Coronavirus Chronicles — Obesity, Cause, Effect, and Distance

In June, Liji Thomas, M.D., pondered the question, “Obesity and COVID-19: Cause or effect?” She wrote,

Earlier studies have shown that diabetes figures could well rise in India, and childhood obesity in Italy, which will result in many more future deaths directly attributable to COVID-19, as well as indirectly caused by BMI-dependent cardiometabolic conditions.

Physical isolation and social distancing are of course very important in preventing infection by the virus. In the past few weeks, researchers have gained a lot of knowledge. It now appears that the virus can spread much more efficiently than was previously suspected. People should probably be isolating even more, and staying even farther apart.

The survival sweepstakes

Lockdown conditions mean that people do not travel far from home. No matter low their daily step count may have been before, when rules are made against movement, they take even fewer steps. They burn fewer calories and accumulate more weight. Under these conditions, one school of thought holds that figuring out a way to somehow get regular exercise is vital, on an equal footing with quarantine and physical distancing.

Chronic, underlying, pre-existing disease makes coronavirus worse. Of that there is no doubt. Can conscientious and purposeful exercise make it better? When a person who is in great shape catches COVID-19, does it stay for a shorter course than it otherwise would have? Will it be less damaging? Could it give up that nasty trick of lingering undetected, only to make a resurgence?

Dr. Thomas discusses a current observational study that asks how exercise-related factors shape the politics of lockdown:

[I]t indicates that the “burden of chronic diseases, even with a 3-month lockdown, may lead to a greater burden of excess deaths, highlighting avoidance of BMI gain and physical activity as public health priorities during the pandemic.

[R]ather than obesity, the target of health interventions should be the chronic diseases often associated with it, which are the determinants of the excess deaths.

Those are some very deep words. Maybe paying attention to them could help end the perceived stigma of obesity. A shift to deploring the poor condition of a heart, rather than the presence of an overcoat of fat all around it, might make a difference in how people act, in taking care of themselves and others.

What was that, about staying farther apart?

Using what has been called “a very clever measurement technique,” researchers studied the behavior of the floating virus. A paper that has not yet been peer-reviewed describes it:

A research team at the University of Florida succeeded in isolating live virus from aerosols collected at a distance of seven to 16 feet from patients hospitalized with Covid-19 — farther than the six feet recommended in social distancing guidelines.

The team used two samplers, one about seven feet from the patients and the other about 16 feet from them.
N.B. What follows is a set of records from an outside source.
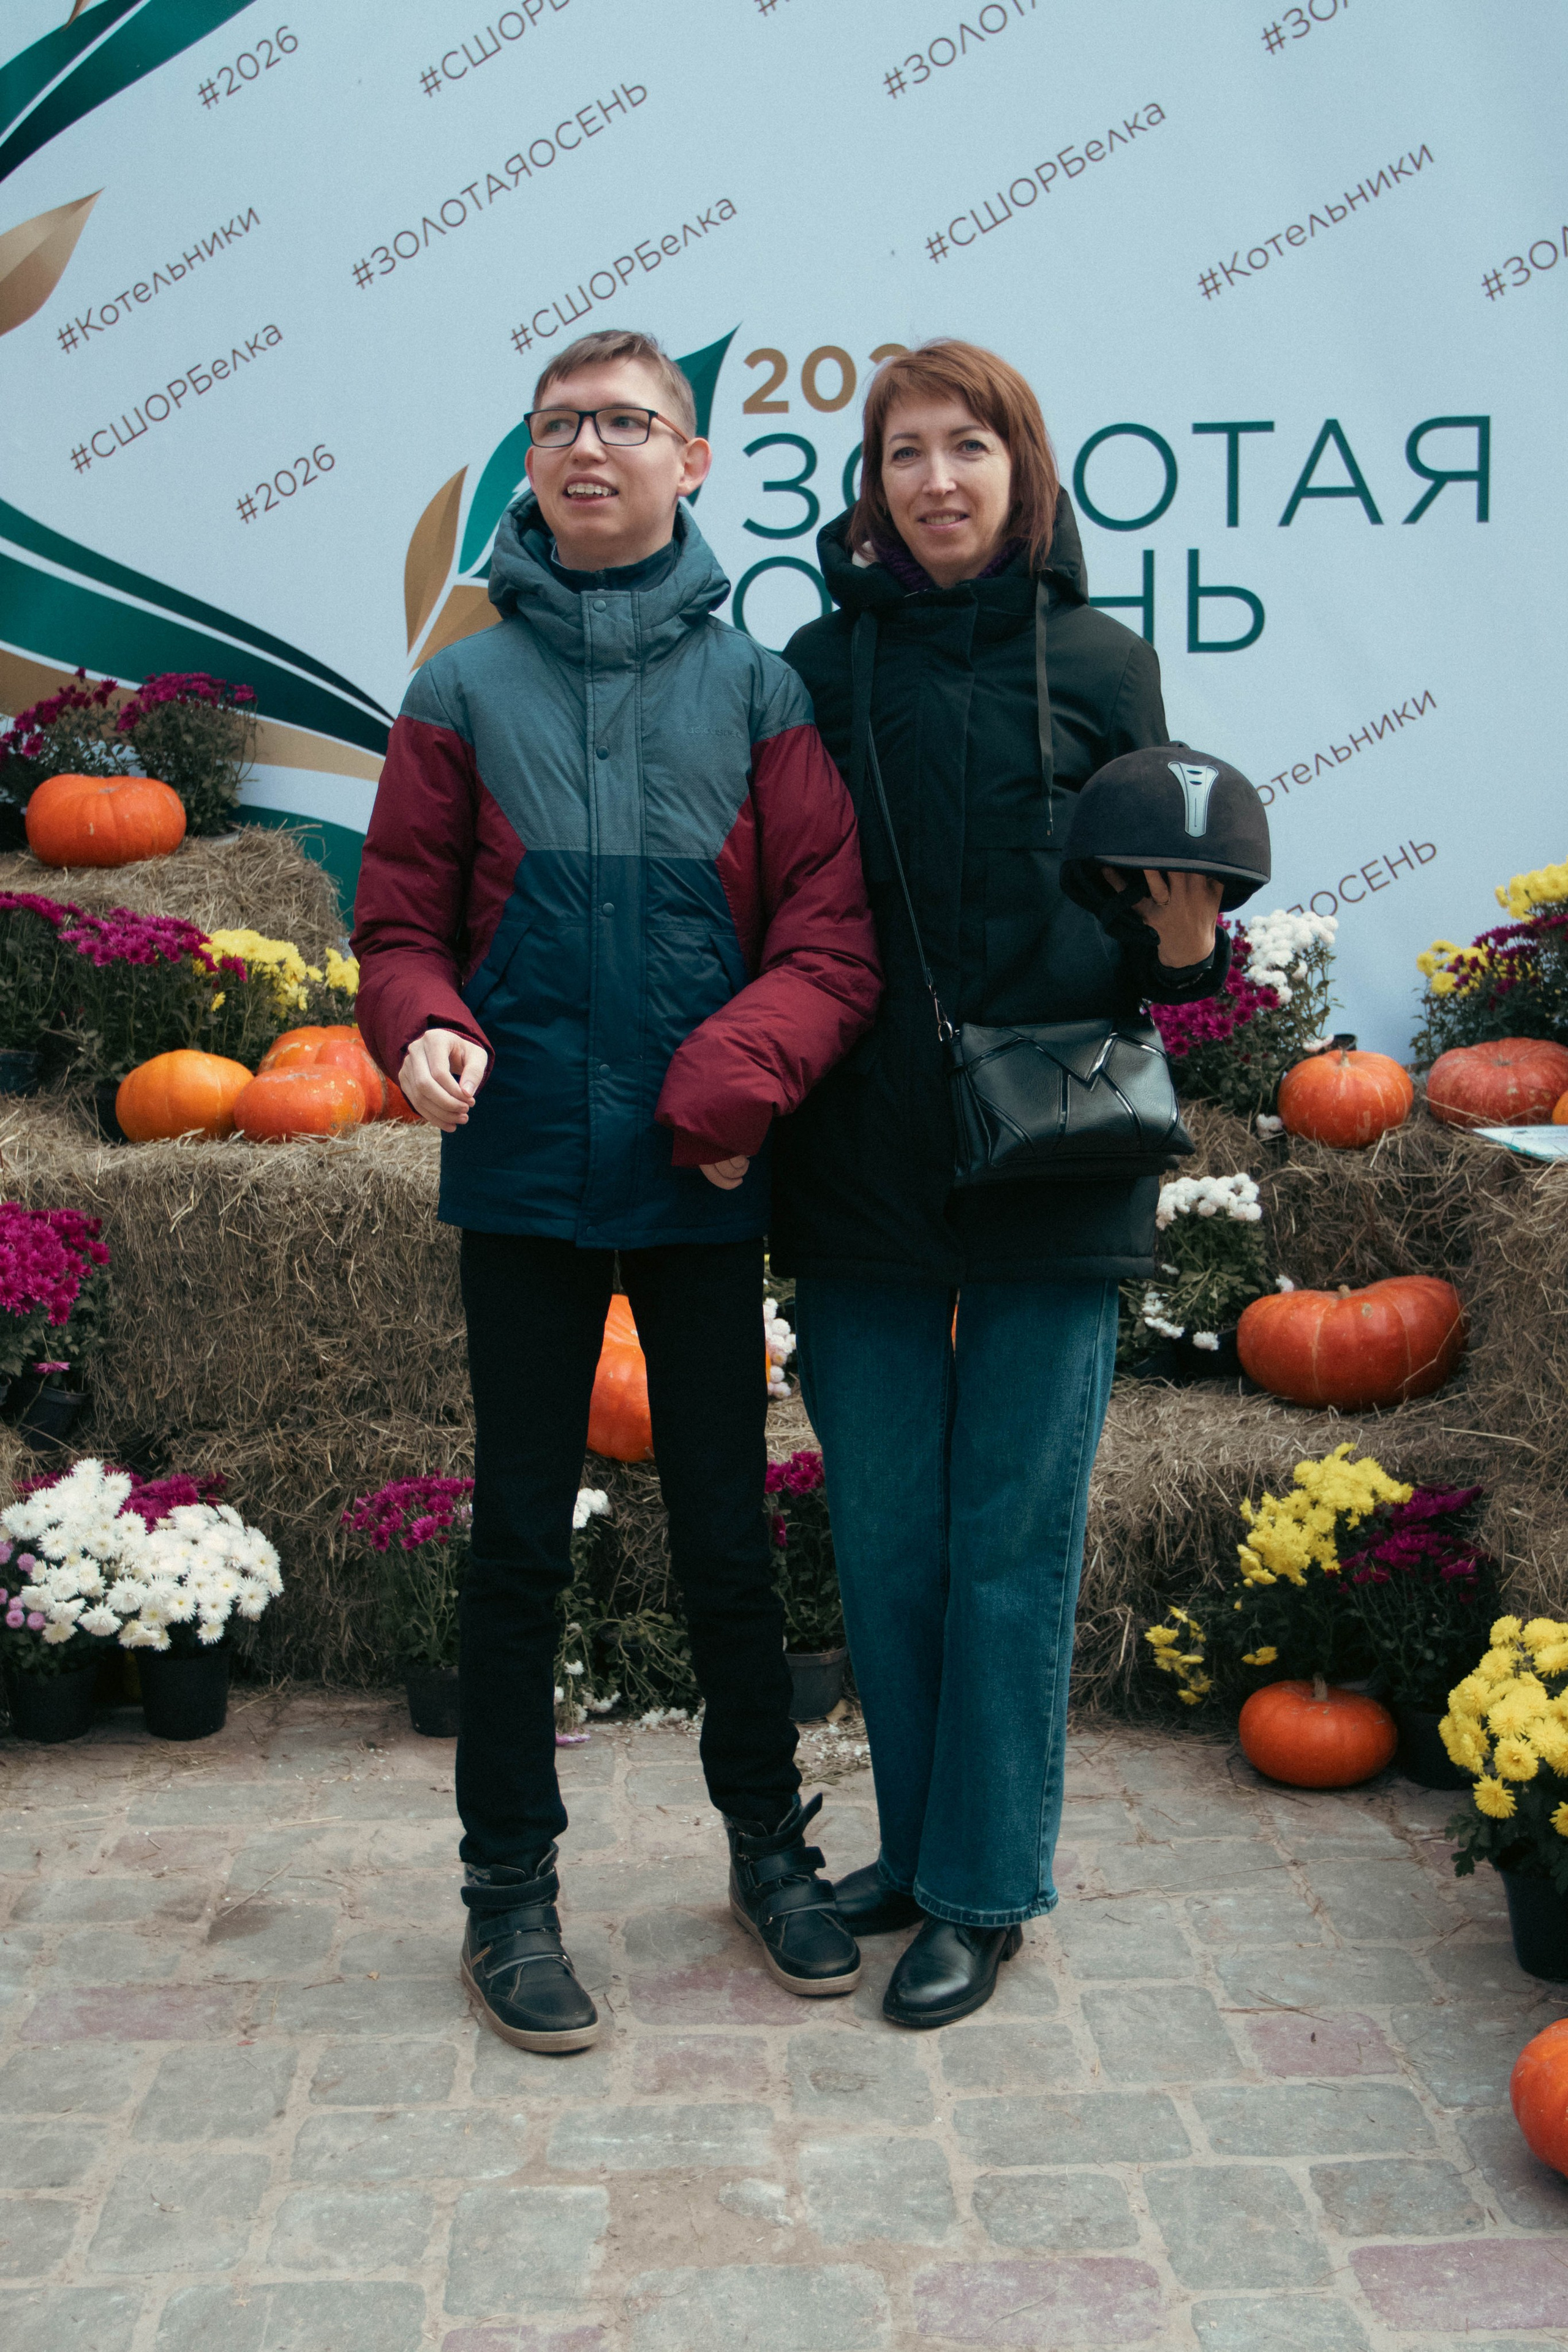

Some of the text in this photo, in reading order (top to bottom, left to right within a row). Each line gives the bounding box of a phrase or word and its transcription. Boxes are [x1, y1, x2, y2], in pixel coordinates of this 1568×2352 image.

[198, 25, 298, 110] #2026
[883, 0, 1036, 99] #ЗОЛО
[1261, 0, 1348, 55] #ЗО
[352, 83, 647, 290] #ЗОЛОТАЯОСЕНЬ
[925, 102, 1166, 263] #СШОРБелка
[1197, 144, 1434, 300] #Котельники
[57, 207, 261, 354] #Котельники
[510, 198, 737, 355] #СШОРБелка
[70, 323, 284, 474] #СШОРБелка
[742, 344, 908, 415] 20
[236, 444, 335, 524] #2026
[742, 416, 1490, 540] ЗОТАЯ
[733, 549, 1265, 654] ОНЬ
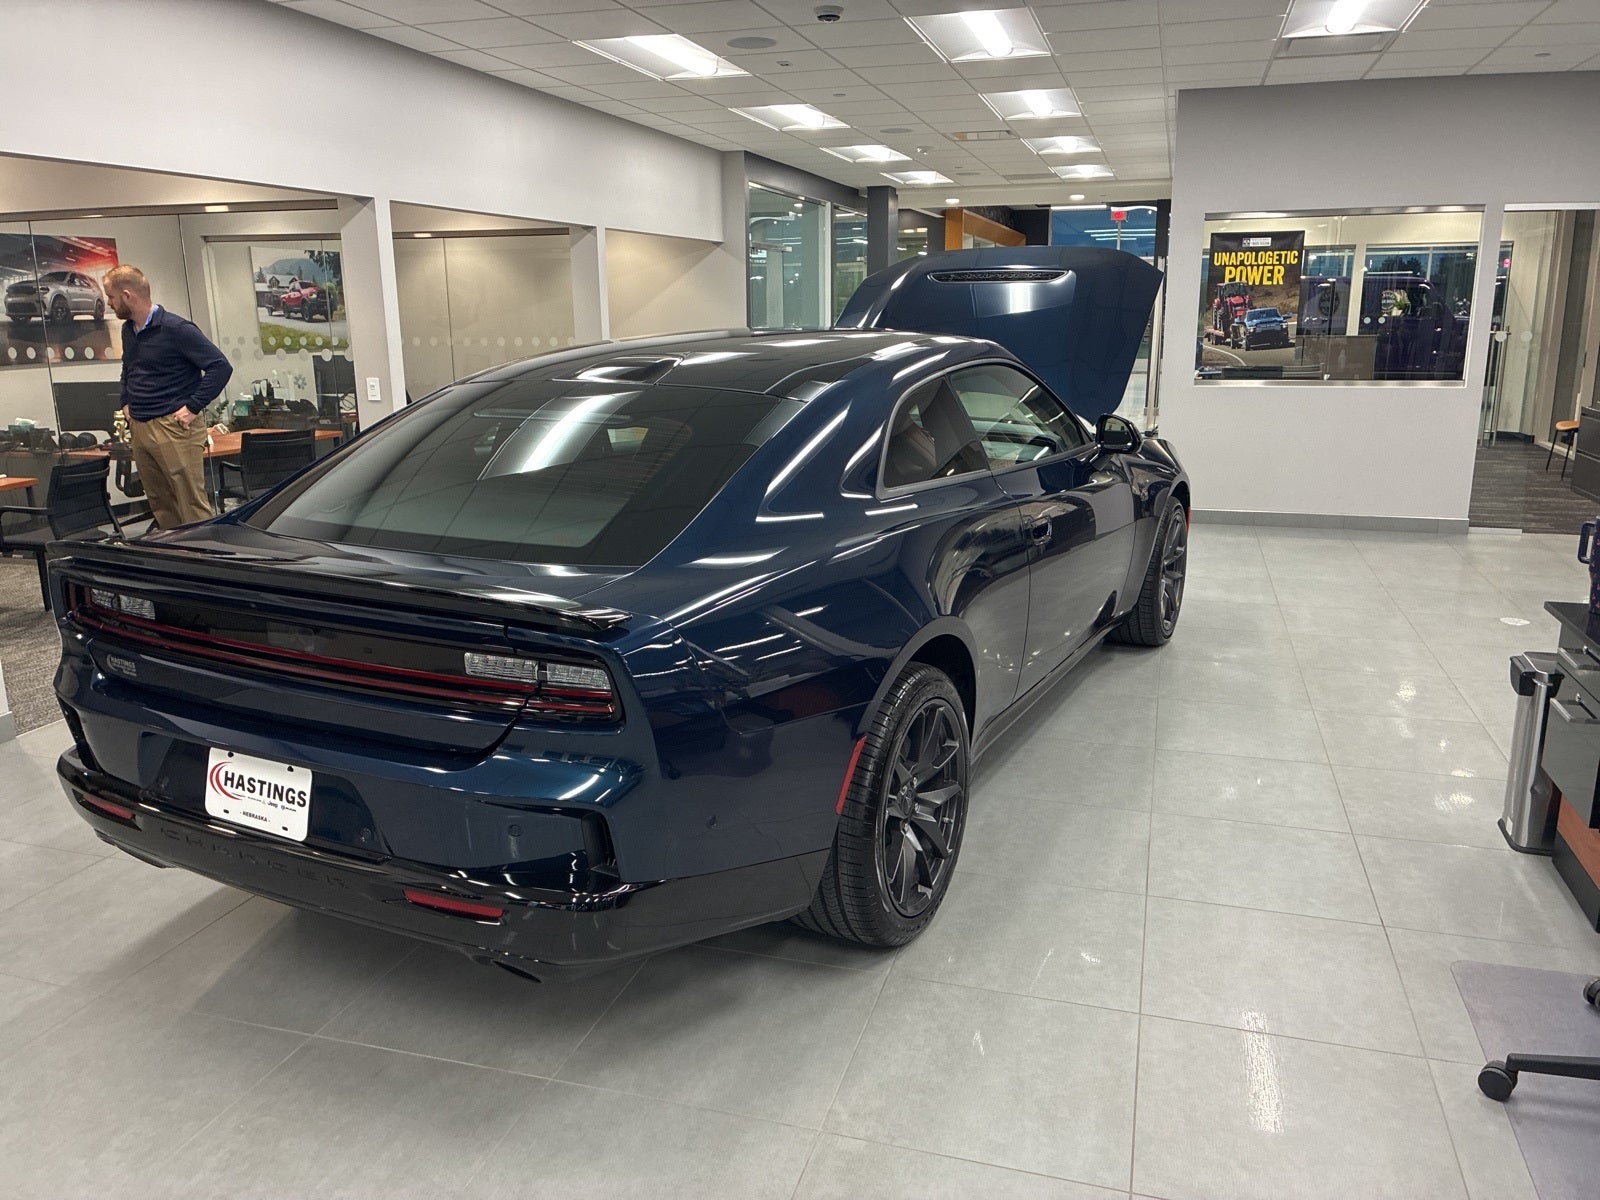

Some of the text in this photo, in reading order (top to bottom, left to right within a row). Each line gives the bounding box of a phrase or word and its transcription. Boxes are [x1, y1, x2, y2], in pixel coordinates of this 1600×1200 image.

The scientists were able to collect virus at both distances and then to show that the virus they had plucked from the air could infect cells in a lab dish.

If it turns out that viable virus can be cultured out of the air — this is big news. But the bigger news is, we might be kidding ourselves about this social distance thing. Some scientists go so far as to say that indoors, the supposed six-foot rule is invalid, and only leads us to feel safe when we are not.

Dr. Thomas’ article contains some amazing illustrations that visualize how, why, and how far the droplets travel.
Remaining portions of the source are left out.